### LISTED ENTRIES ###

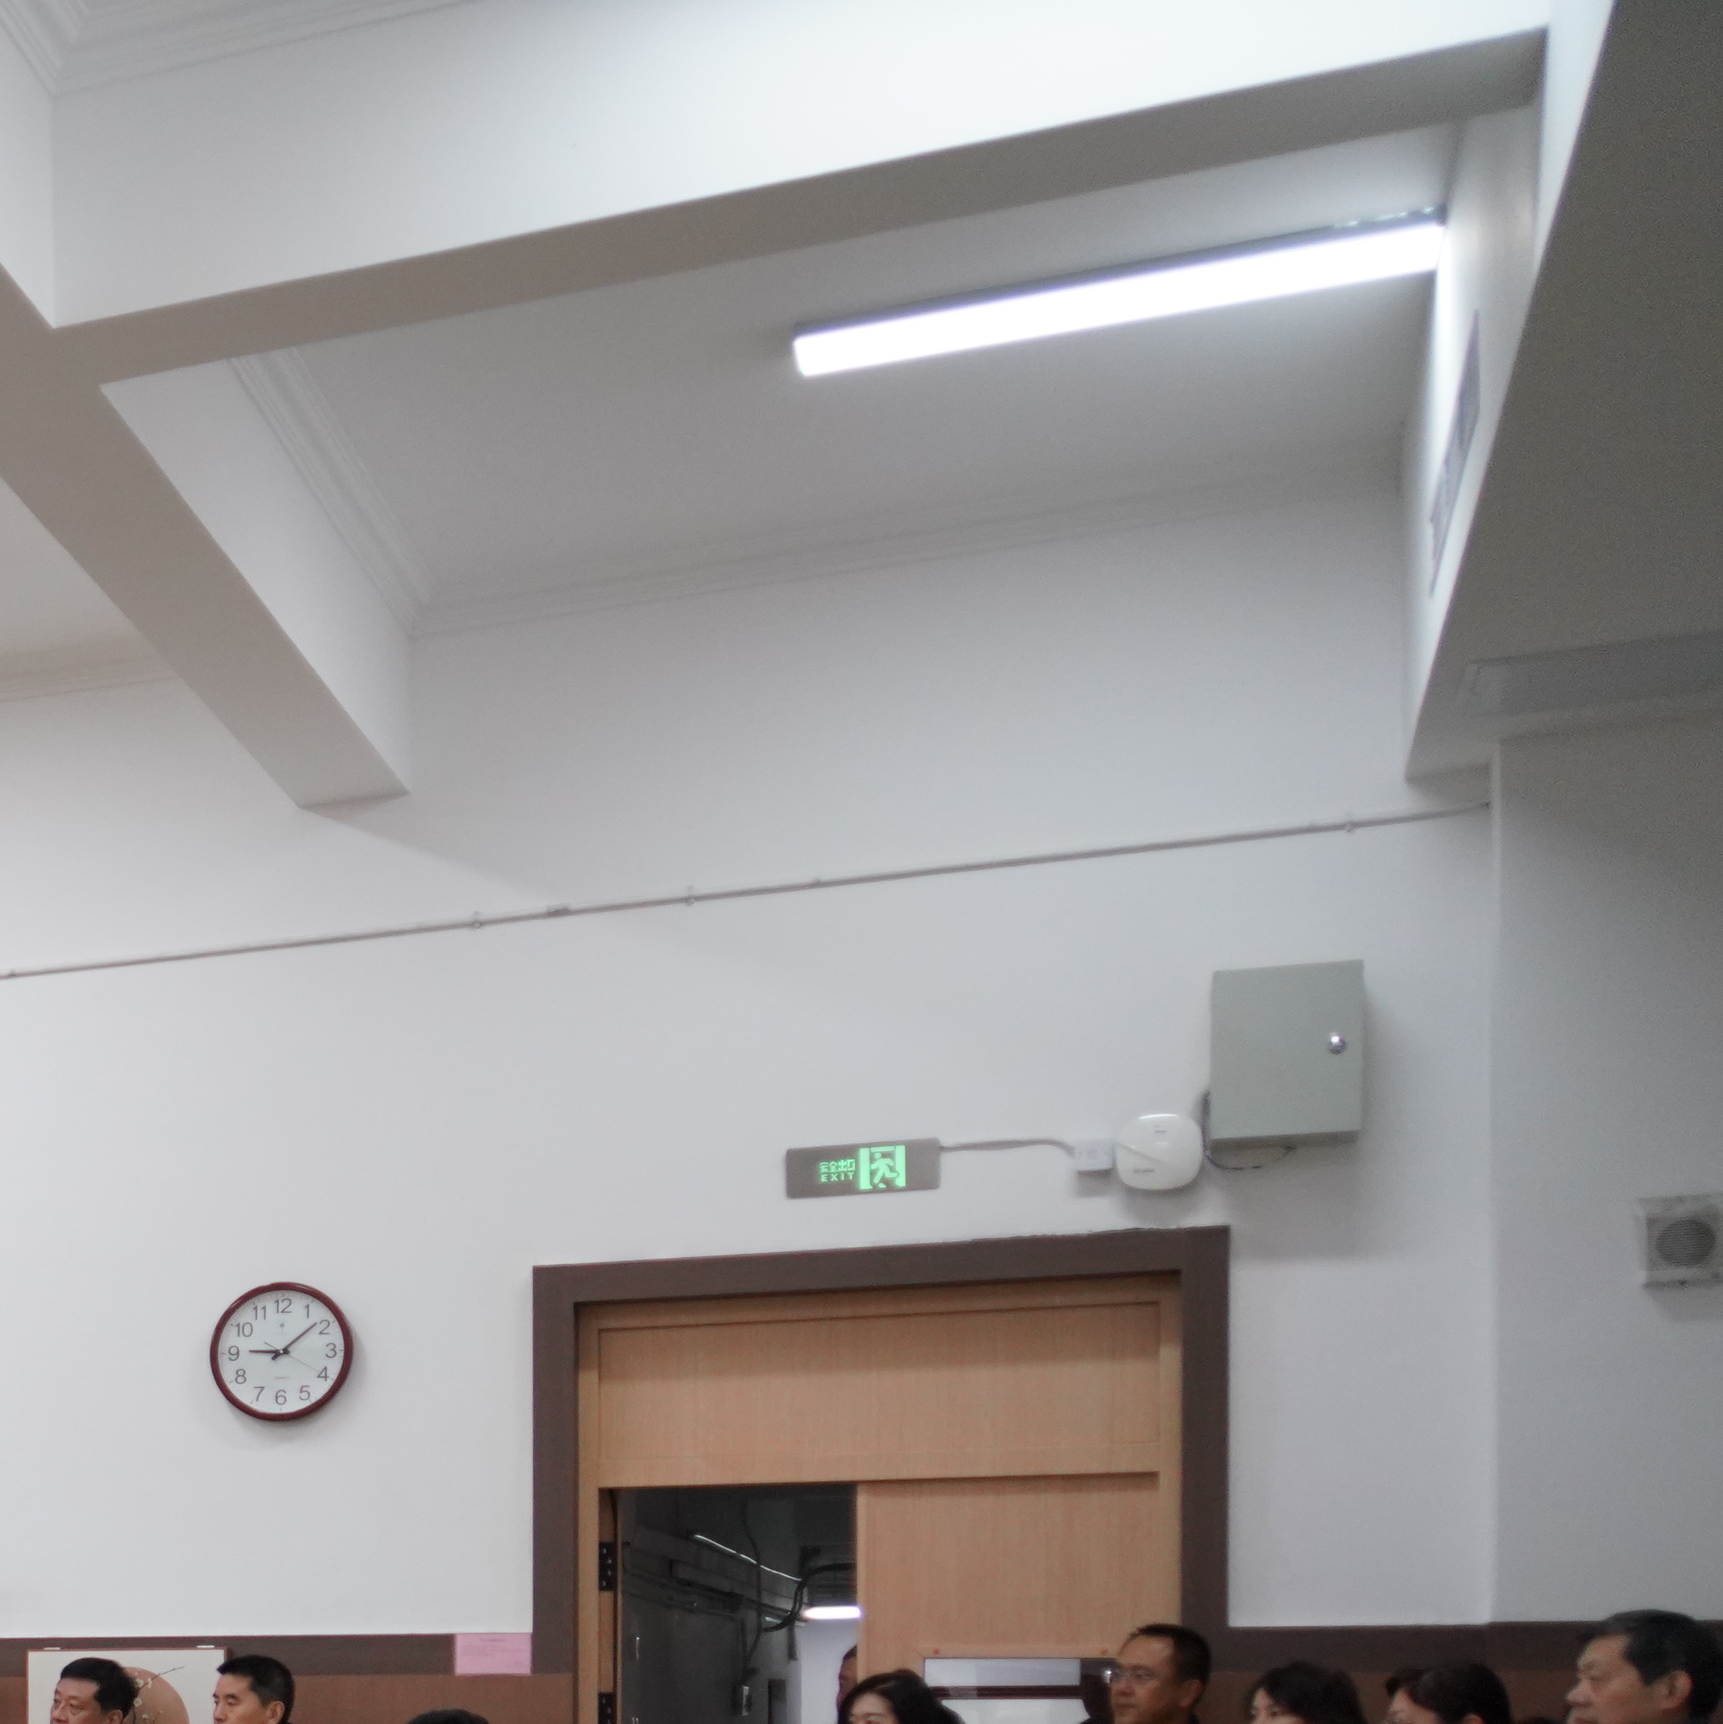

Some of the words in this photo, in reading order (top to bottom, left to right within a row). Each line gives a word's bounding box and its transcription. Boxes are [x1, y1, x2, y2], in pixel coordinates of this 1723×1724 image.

[819, 1159, 855, 1173] 安全出口
[821, 1172, 855, 1182] EXIT
[253, 1305, 267, 1320] 11
[274, 1298, 292, 1314] 12
[305, 1303, 310, 1319] 1
[235, 1322, 253, 1337] 10
[318, 1319, 331, 1335] 2
[228, 1345, 240, 1361] 9
[325, 1343, 337, 1358] 3
[235, 1368, 247, 1384] 8
[317, 1366, 329, 1382] 4
[254, 1386, 265, 1402] 7
[275, 1389, 287, 1405] 6
[299, 1385, 311, 1401] 5
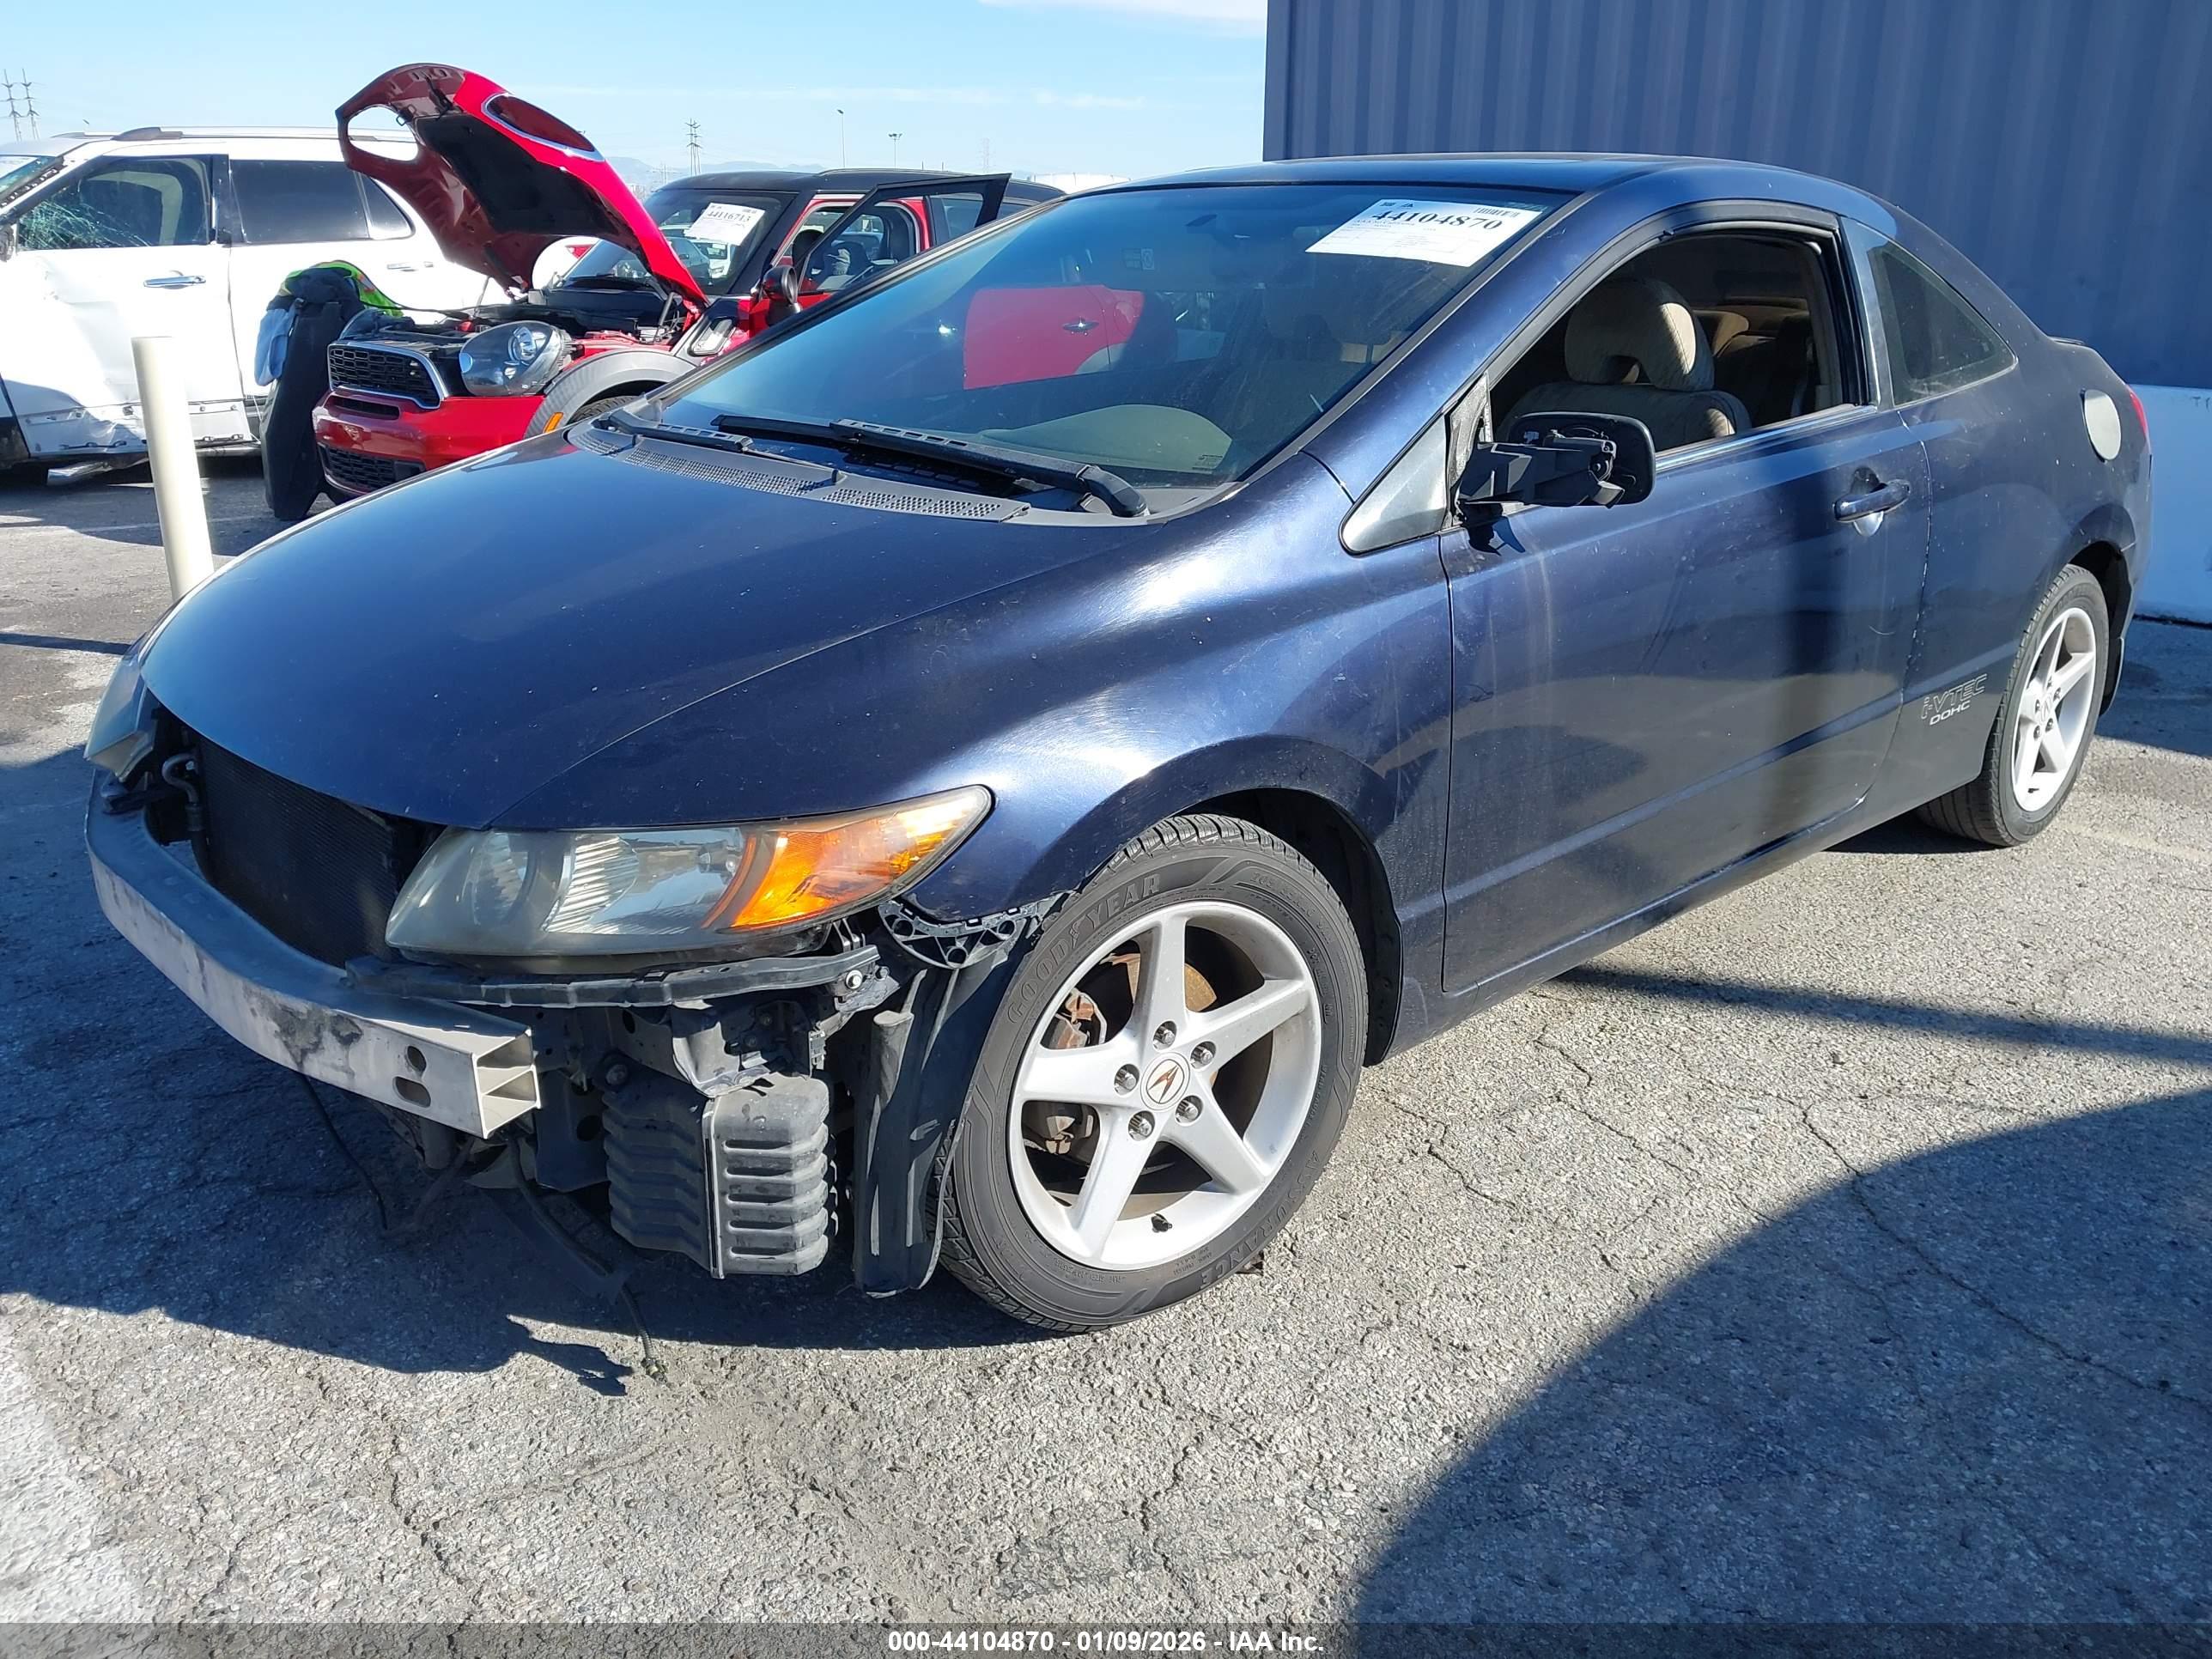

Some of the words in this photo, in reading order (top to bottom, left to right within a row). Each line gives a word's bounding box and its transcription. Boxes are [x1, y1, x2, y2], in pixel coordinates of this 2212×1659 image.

[1371, 210, 1503, 230] 44104870
[1929, 700, 1971, 726] DOHC
[1007, 873, 1160, 1024] GOODYEAR
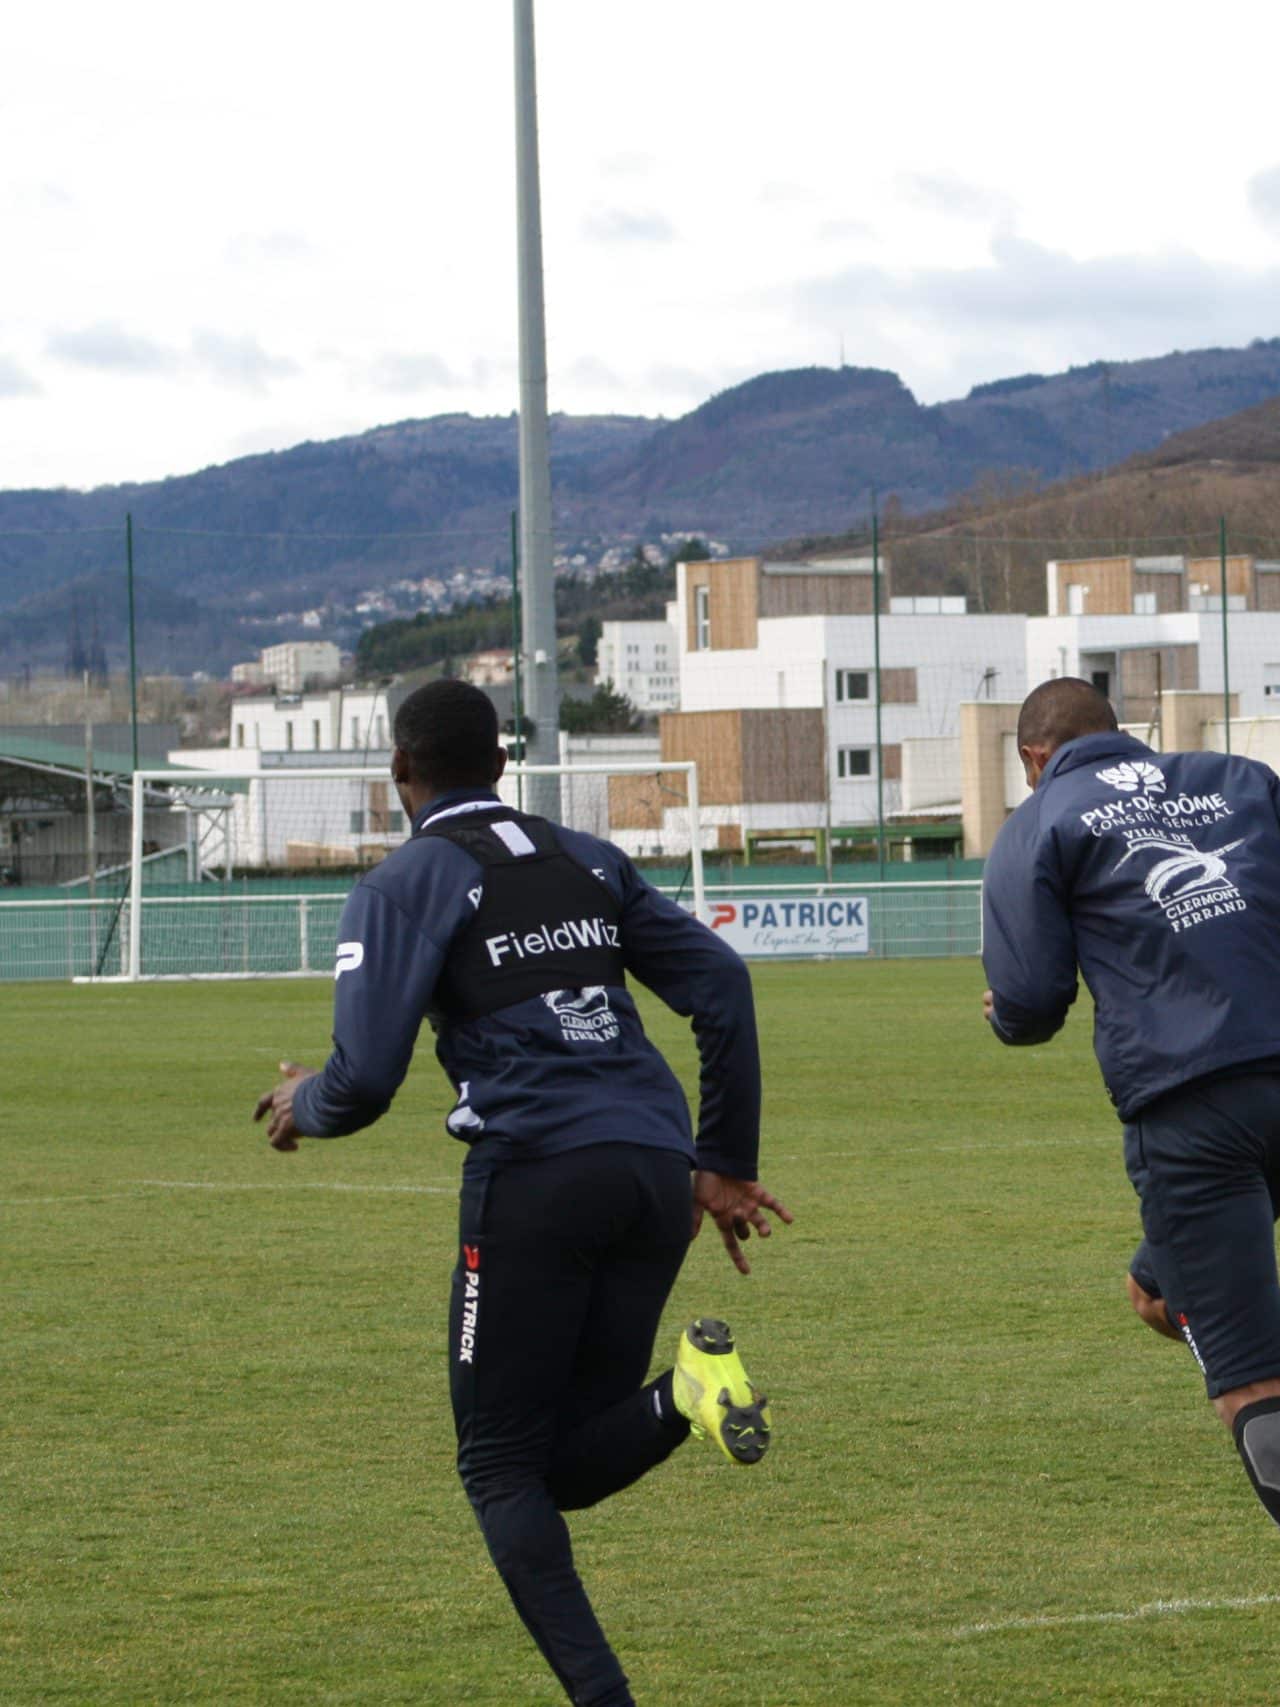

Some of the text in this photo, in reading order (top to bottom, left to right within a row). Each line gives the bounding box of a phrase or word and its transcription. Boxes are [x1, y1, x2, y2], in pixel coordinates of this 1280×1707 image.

[1123, 827, 1191, 843] VILLE DE
[742, 901, 864, 929] PATRICK
[1165, 887, 1241, 920] CLERMONT
[1170, 899, 1248, 933] FERRAND
[485, 918, 622, 968] FieldWiz
[460, 1271, 480, 1364] PATRICK

###

● **YOUR OBJECTIVE**
From the first line above to the last, reproduce the records exactly but without the pictures.

● **RESULT**
Some of the words in this photo, in reading order (top to bottom, left to right within a row). Each line gives a word's bounding box and its transcription. Boxes are [x1, y1, x2, y2], in pixel coordinates of this 1723×1724 image.

[819, 1159, 855, 1173] 安全出口
[821, 1172, 855, 1182] EXIT
[253, 1305, 267, 1320] 11
[274, 1298, 292, 1314] 12
[305, 1303, 310, 1319] 1
[235, 1322, 253, 1337] 10
[318, 1319, 331, 1335] 2
[228, 1345, 240, 1361] 9
[325, 1343, 337, 1358] 3
[235, 1368, 247, 1384] 8
[317, 1366, 329, 1382] 4
[254, 1386, 265, 1402] 7
[275, 1389, 287, 1405] 6
[299, 1385, 311, 1401] 5

Some of the words in this photo, in reading order (top to bottom, left to right within a row). Each line gives a word's bounding box and its transcription. Boxes are [x1, y1, x2, y2], in pixel coordinates of this 2212×1659 image.

[1371, 210, 1503, 230] 44104870
[1929, 700, 1971, 726] DOHC
[1007, 873, 1160, 1024] GOODYEAR

Some of the text in this photo, in reading order (top to bottom, left to right within a row). Each line gives the bounding box of a phrase or word and its transcription. Boxes are [x1, y1, x2, y2], in pixel coordinates of this 1280×1707 image.

[1123, 827, 1191, 843] VILLE DE
[742, 901, 864, 929] PATRICK
[1165, 887, 1241, 920] CLERMONT
[1170, 899, 1248, 933] FERRAND
[485, 918, 622, 968] FieldWiz
[460, 1271, 480, 1364] PATRICK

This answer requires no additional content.